# Exercise description
Make an exact copy of the entries below with the pictures removed.

--- Data listing Enclosed Below ---

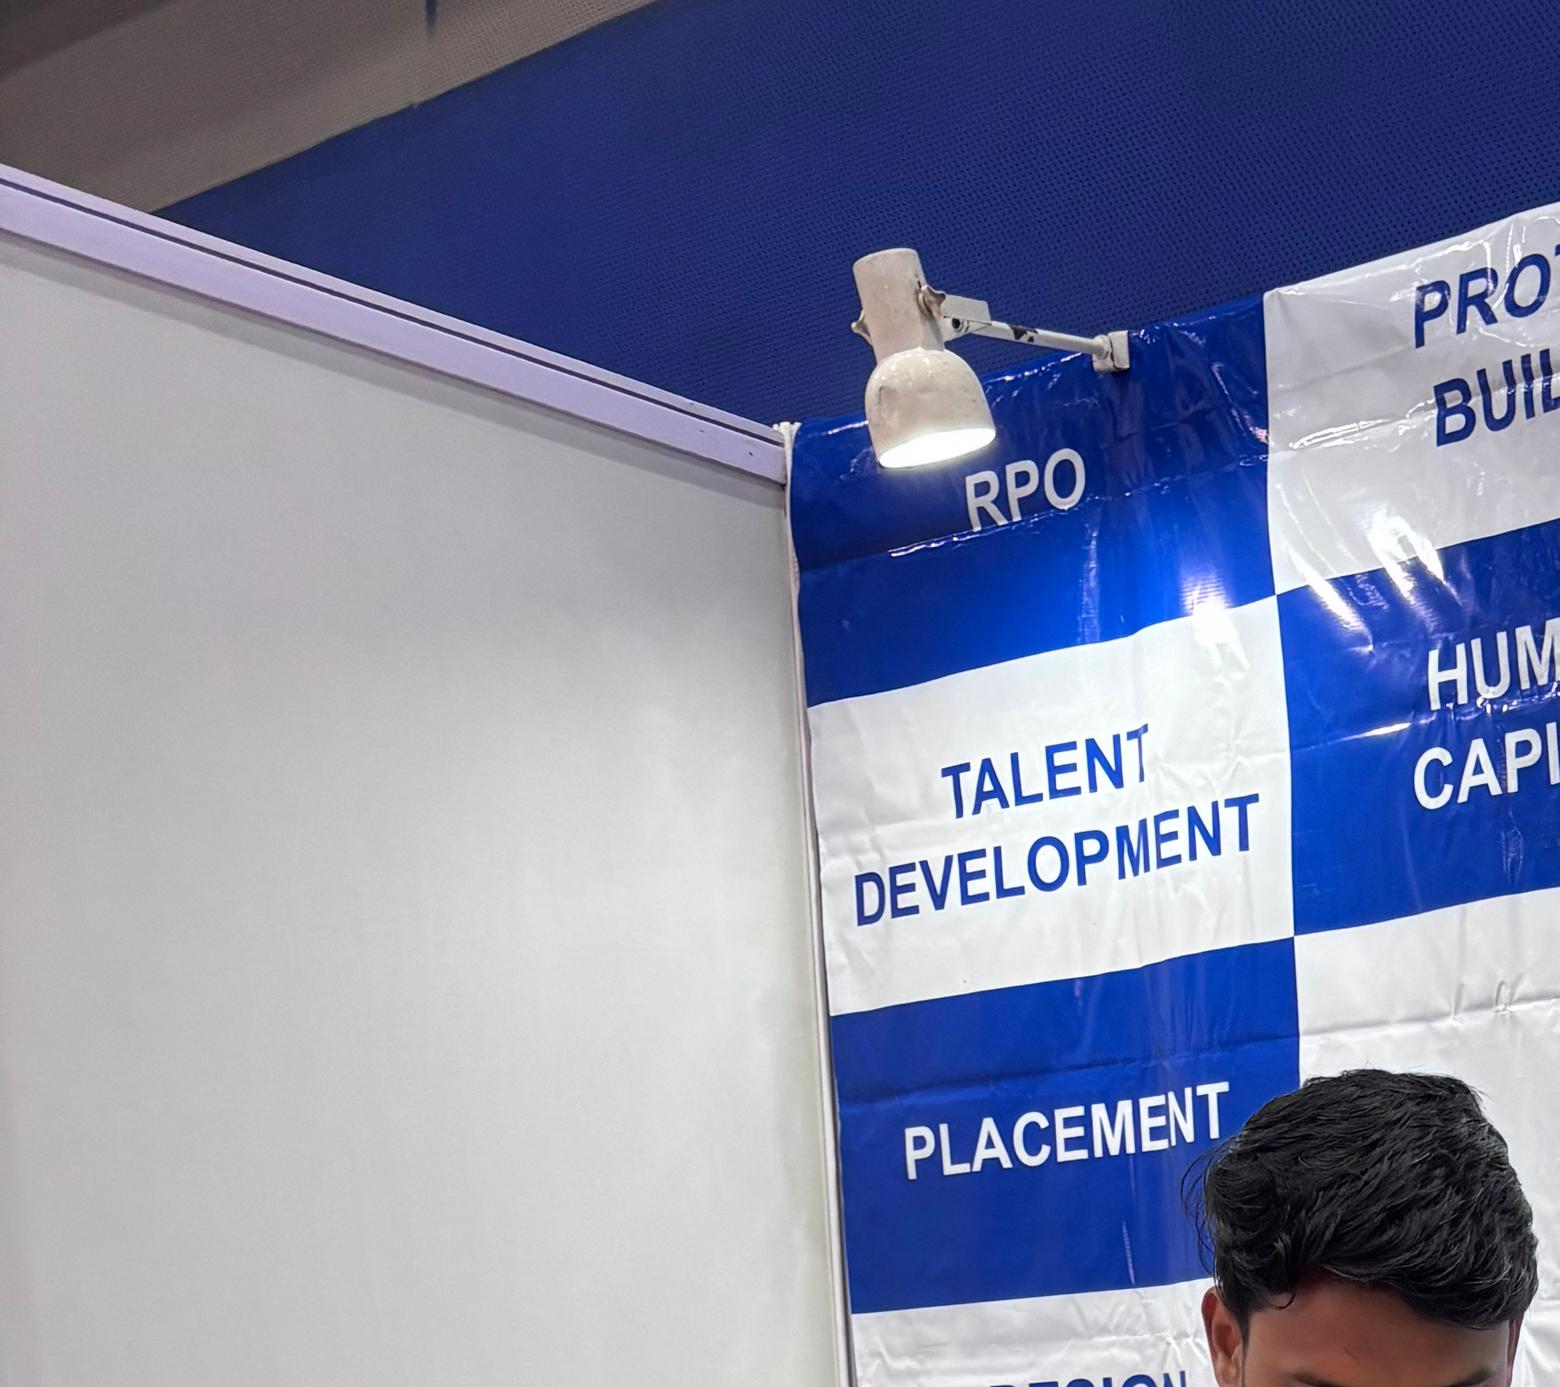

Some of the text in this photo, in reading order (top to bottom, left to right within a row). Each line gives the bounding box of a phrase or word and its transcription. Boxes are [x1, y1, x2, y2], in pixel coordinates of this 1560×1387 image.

[965, 447, 1087, 531] RPO
[940, 723, 1150, 822] TALENT
[854, 793, 1262, 927] DEVELOPMENT
[903, 1081, 1231, 1181] PLACEMENT

--- End of Enclosed Data listing ---

# Exercise output
Some of the text in this photo, in reading order (top to bottom, left to right within a row). Each line gives the bounding box of a phrase or word and its transcription. Boxes are [x1, y1, x2, y2], in pixel coordinates of this 1560×1387 image.

[965, 447, 1087, 531] RPO
[940, 723, 1150, 822] TALENT
[854, 793, 1262, 927] DEVELOPMENT
[903, 1081, 1231, 1181] PLACEMENT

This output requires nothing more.